如果你对这篇内容有疑问,欢迎到本站社区发帖提问 参与讨论,获取更多帮助,或者扫码二维码加入 Web 技术交流群。
绑定邮箱获取回复消息
由于您还没有绑定你的真实邮箱,如果其他用户或者作者回复了您的评论,将不能在第一时间通知您!
发布评论
评论(2)
这是一个非常简单的语法,它使用语义谓词将结束标记与开始标记进行匹配。
Here is a really simple grammar that uses a semantic predicate to match the closing tag to the starting tag.
您只能使用每个 HTML 标记对的单独规则或使用语义谓词来执行此操作。也就是说,通过保存开始标签(在一个 semred 中),然后仅当它是相同标签时才接受(在另一个 semred 中)结束标签。在 Treetop 中做到这一点比应有的要困难得多,因为没有方便的地方来保存上下文,并且您无法查看解析器堆栈,但这是可能的。
顺便说一句,在解析 MIME 边界(以及 Markdown 中)时也会出现同样的问题。我还没有检查 Mikel 在 ActionMailer 中的实现(可能他使用了嵌套的 Mime 解析器),但在 Treetop 中是可能的。
在 http://github.com/cjheath/activefacts/ blob/master/lib/activefacts/cql/parser.rb 我将上下文保存在假输入流中 - 您可以看到它必须支持哪些方法 - 因为“输入”在所有 SyntaxNode 上都可用。我在那里使用 semreds 有不同的原因,但其中一些技术是适用的。
You can only do this using either a separate rule for each HTML tag pair, or using a semantic predicate. That is, by saving the opening tag (in a sempred), then accepting (in another sempred) a closing tag only if it is the same tag. This is much harder to do in Treetop than it should be, because there's no convenient place to save the context and you can't peek up the parser stack, but it is possible.

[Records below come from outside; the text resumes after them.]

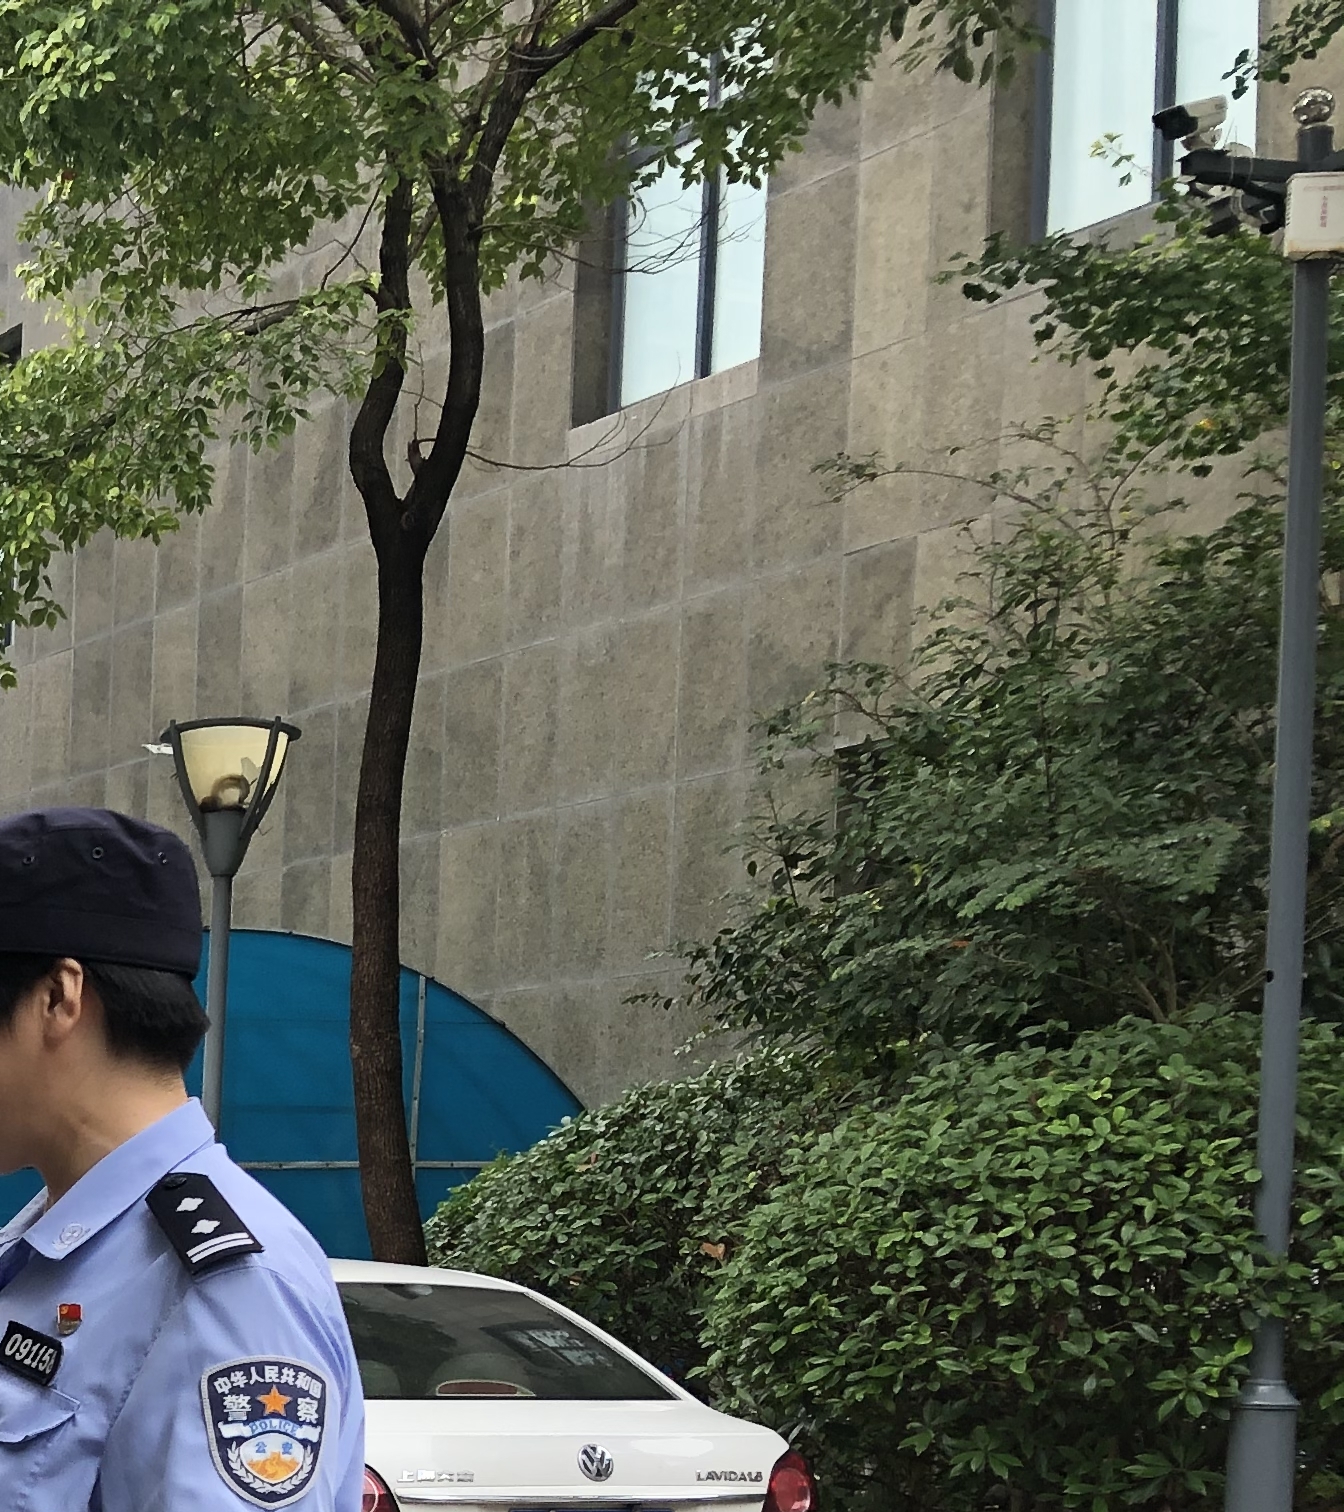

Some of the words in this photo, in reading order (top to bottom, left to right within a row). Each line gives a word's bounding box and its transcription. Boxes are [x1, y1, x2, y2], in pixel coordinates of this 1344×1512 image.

[214, 1365, 323, 1399] 中华人民共和国
[248, 1418, 300, 1437] POLICE
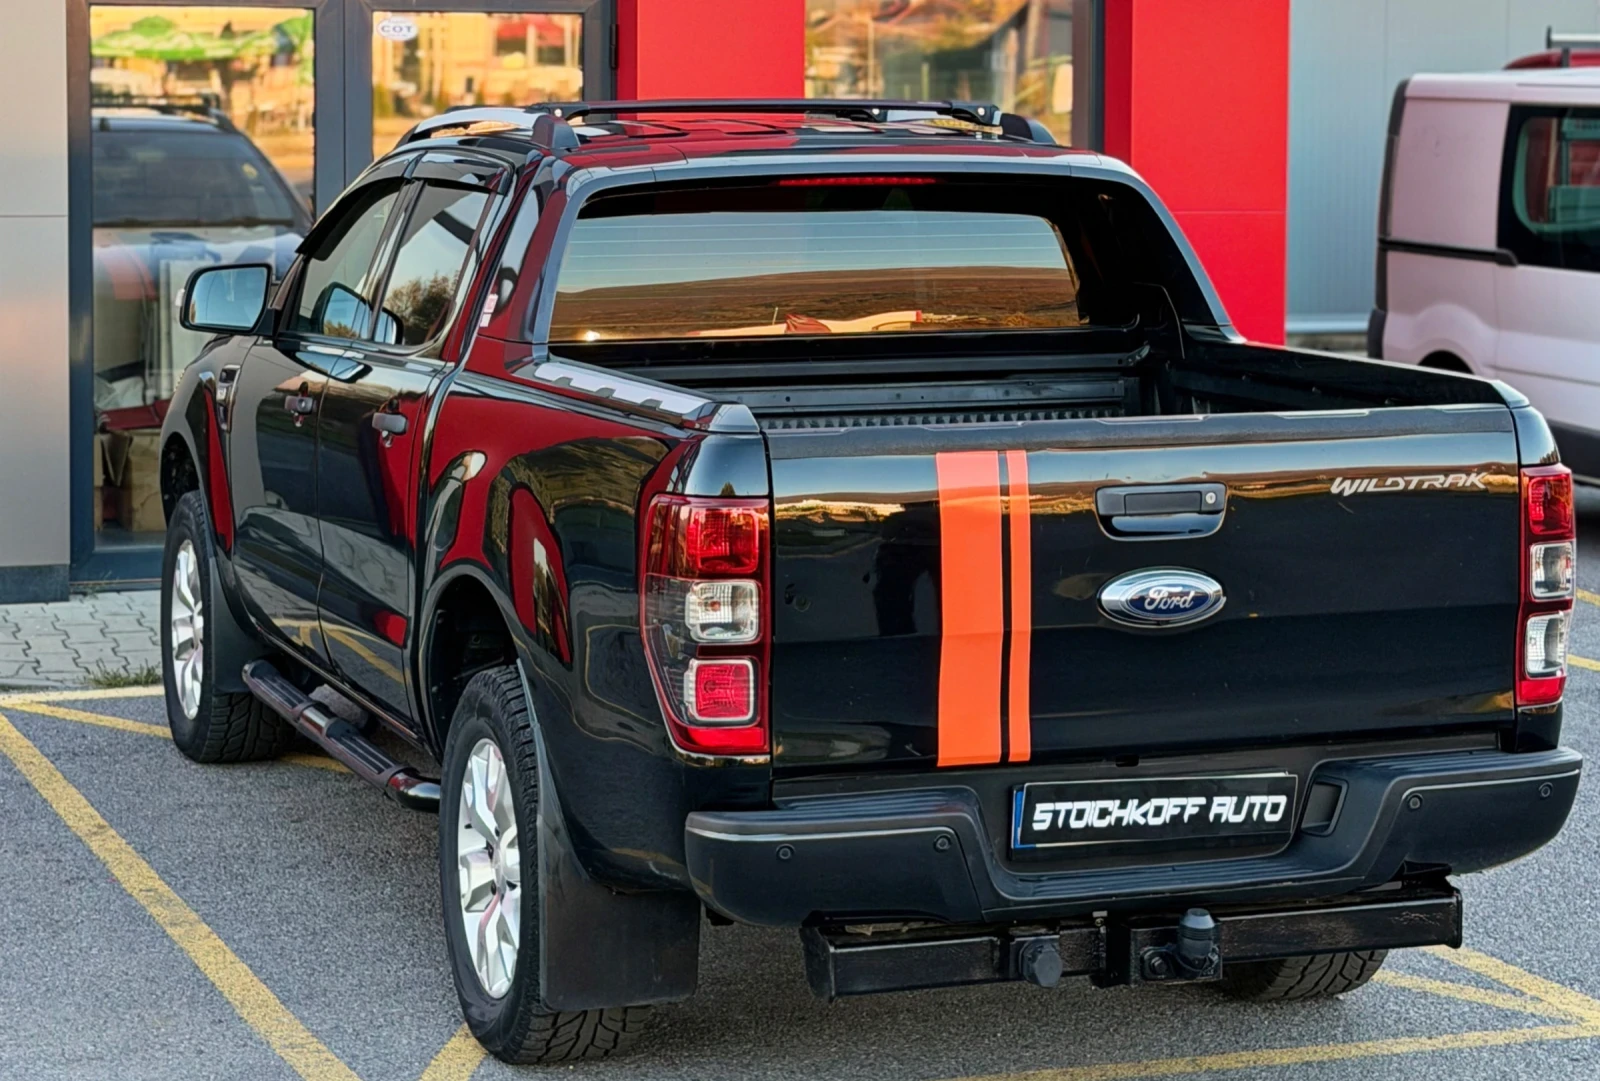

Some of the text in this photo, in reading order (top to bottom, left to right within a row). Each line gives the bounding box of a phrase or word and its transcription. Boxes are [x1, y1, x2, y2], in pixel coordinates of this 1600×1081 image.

[1330, 472, 1488, 496] WILDTRAK
[1144, 586, 1195, 610] Ford
[1032, 795, 1288, 831] STOICHKOFF AUTO
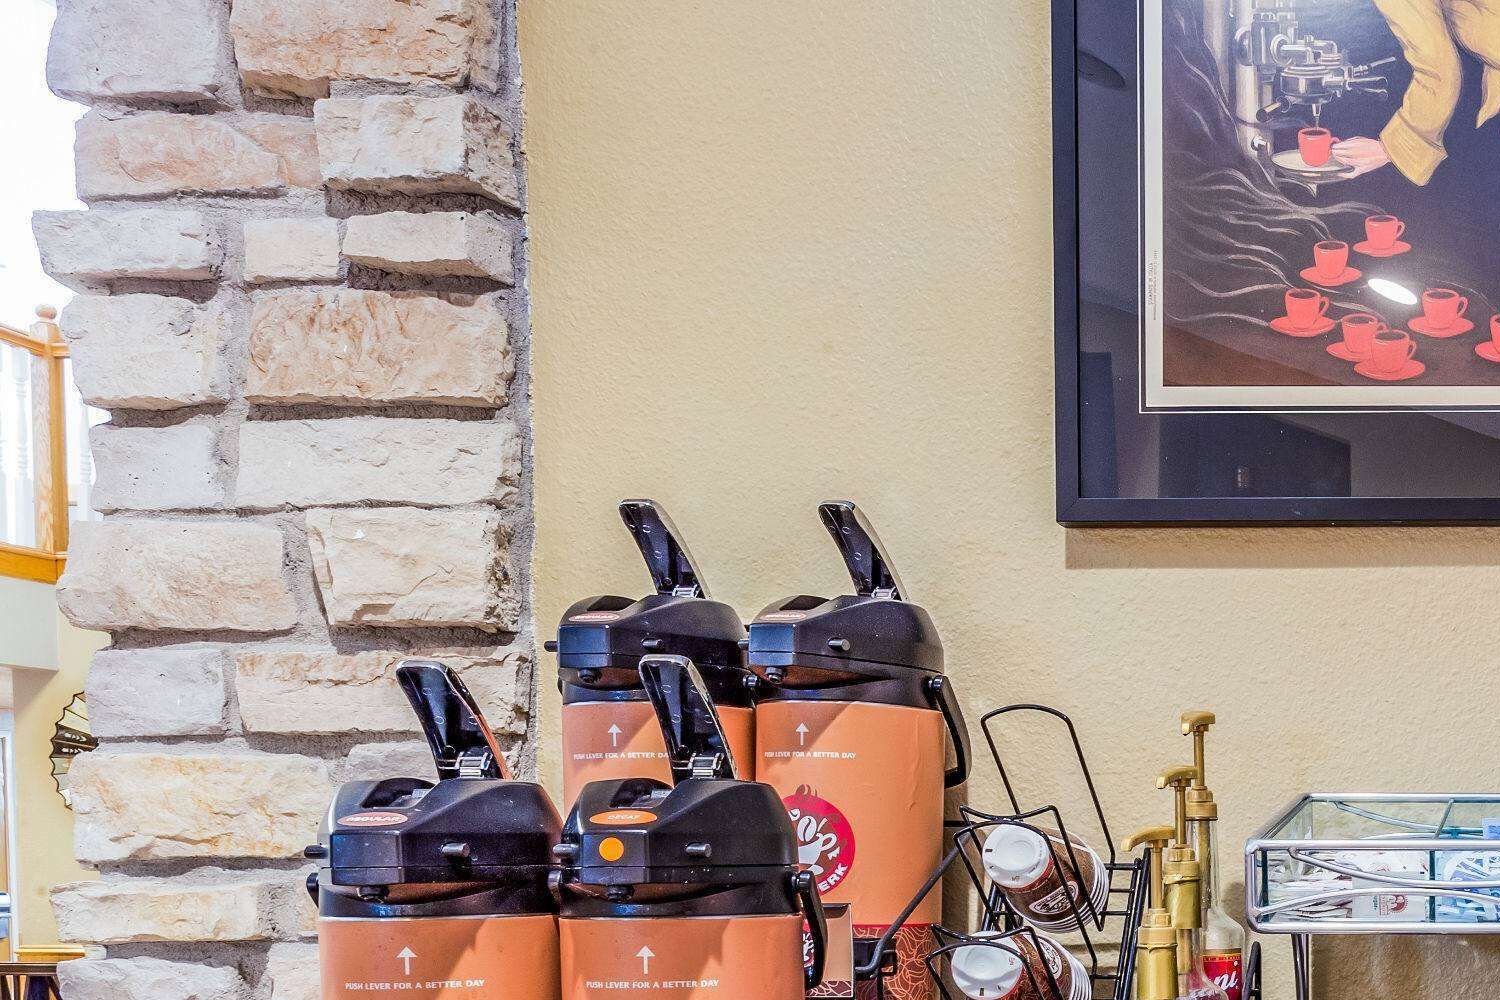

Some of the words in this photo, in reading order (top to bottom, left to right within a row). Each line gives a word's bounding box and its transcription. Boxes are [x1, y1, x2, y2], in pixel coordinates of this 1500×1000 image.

BTW, the same problem occurs in parsing MIME boundaries (and in Markdown). I haven't checked Mikel's implementation in ActionMailer (probably he uses a nested Mime parser for that), but it is possible in Treetop.
In http://github.com/cjheath/activefacts/blob/master/lib/activefacts/cql/parser.rb I save context in a fake input stream - you can see what methods it has to support - because "input" is available on all SyntaxNodes. I have a different kind of reason for using sempreds there, but some of the techniques are applicable.